A Novel Approach to Keloid Reconstruction with Bilaminar Dermal Substitute and Epidermal Skin Grafting.

BACKGROUND: Keloids represent a challenging problem. Surgical excision remains the definitive treatment for immediate lesion debulking, but recurrence rates are reported to be 45 to 100 percent. The authors present a staged reconstructive approach using a dermal regeneration substrate and epidermal grafting to minimize recurrence and donor-site morbidity. METHODS: Keloids were completely excised down to normal subcutaneous tissue or perichondrium.

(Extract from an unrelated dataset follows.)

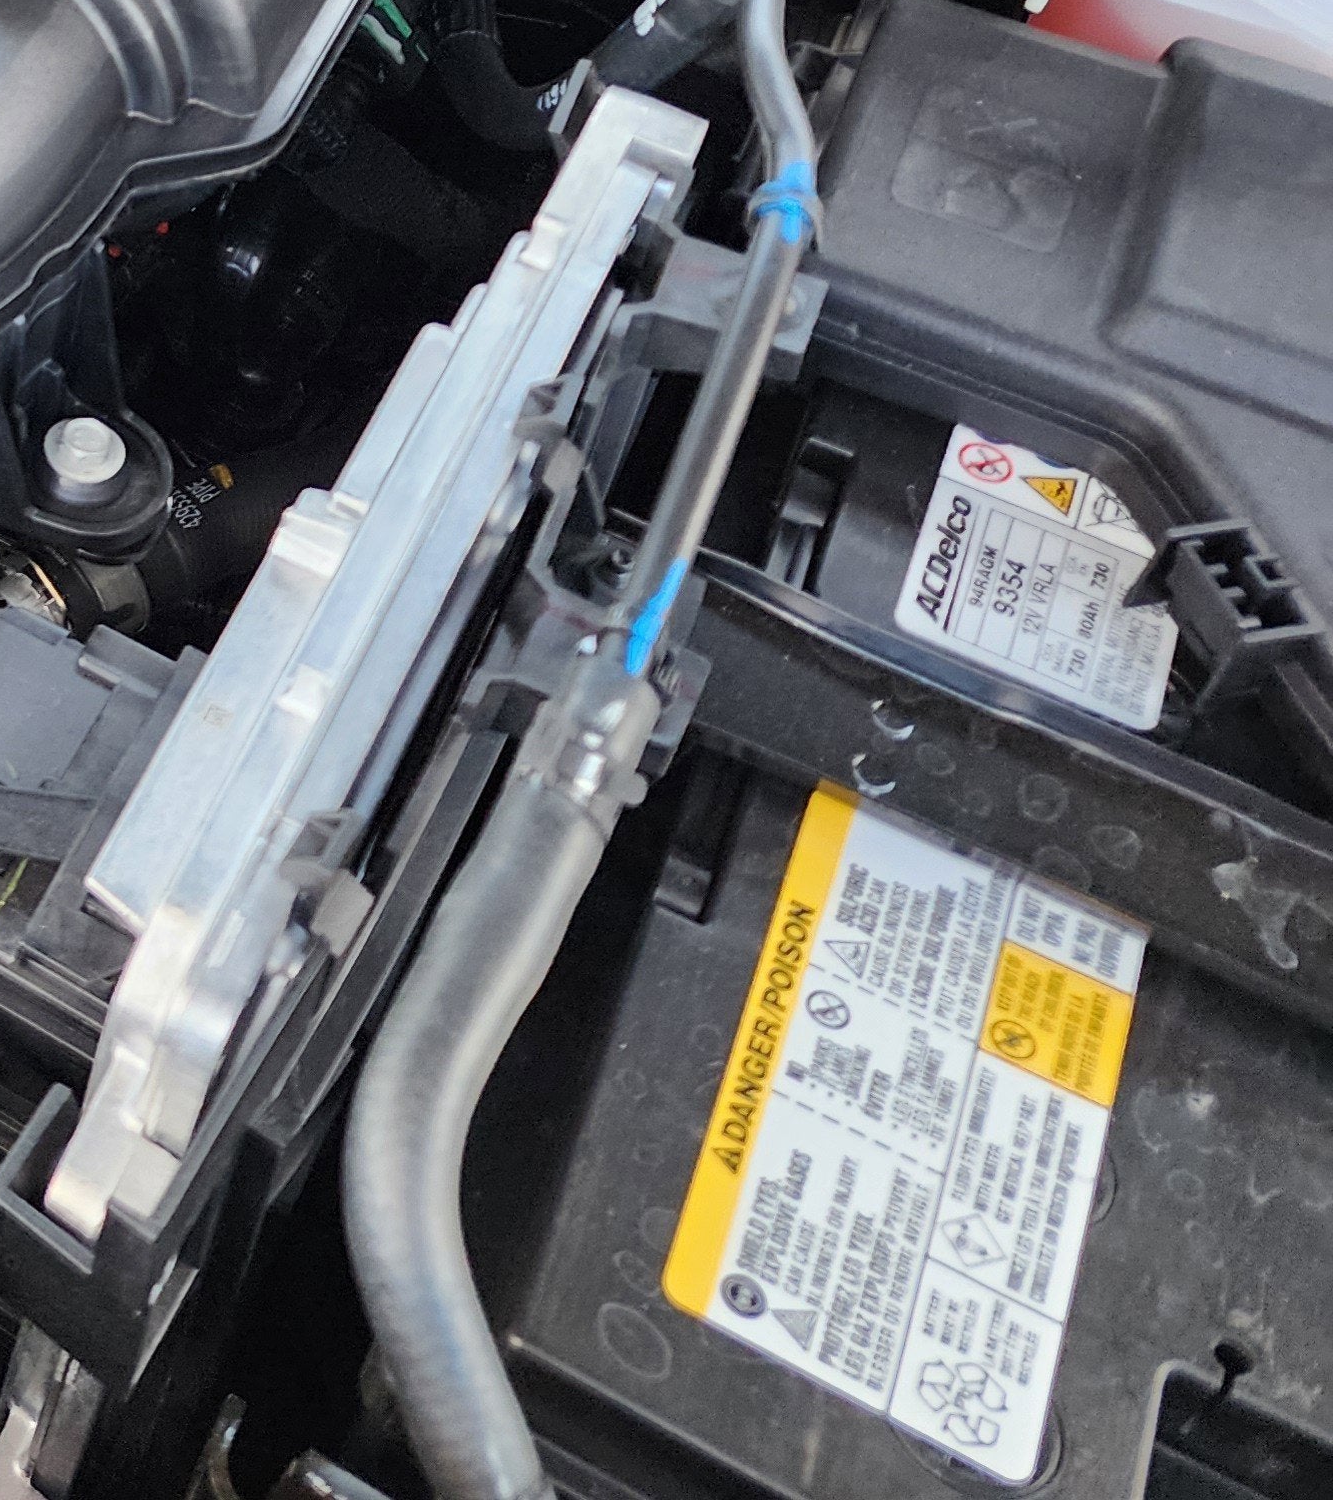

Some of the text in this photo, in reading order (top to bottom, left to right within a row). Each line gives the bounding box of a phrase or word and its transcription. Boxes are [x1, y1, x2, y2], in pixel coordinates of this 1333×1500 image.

A bilaminar dermal regeneration matrix was approximated to the entire wound, with the silicone lamina oriented superficially. Reconstruction was delayed for at least 21 days to allow for neodermal ingrowth. The silicone lamina was then removed, and an epidermal skin graft was harvested from the thigh and secured to the neodermis with nonocclusive dressing. Reconstructed defects and donor sites were assessed for recurrence of keloids and scar appearance. RESULTS: Five patients underwent treatment; two had keloids involving the superior helix of the ear (average area, 2.6 cm), two had keloids involving the chest (average area, 28 cm), and one had a keloid in the pubic region (area, 10 cm). All had failed at least one previous treatment with direct excision and steroid injections. Mean follow-up was 48.8 weeks (range, 38 to 60 weeks). Average time to complete wound epithelialization was 5.5 weeks. There were no infections or cellulitis. All reconstructed defects were aesthetically acceptable and remained flat without significant widening. There were no long-term complaints of pruritus or pain and there was no evidence of donor-site scarring. CONCLUSIONS: Epidermal grafting provides significant advantages when used with a dermal regeneration matrix. This approach obviates reliance on skin creep and flap undermining to achieve primary closure. Exclusion of dermis and significant extracellular matrix components limits contracture, further facilitating tension-free wound healing. Scarring response within the donor site and graft is also minimized. CLINICAL QUESTION/LEVEL OF EVIDENCE: Therapeutic, IV.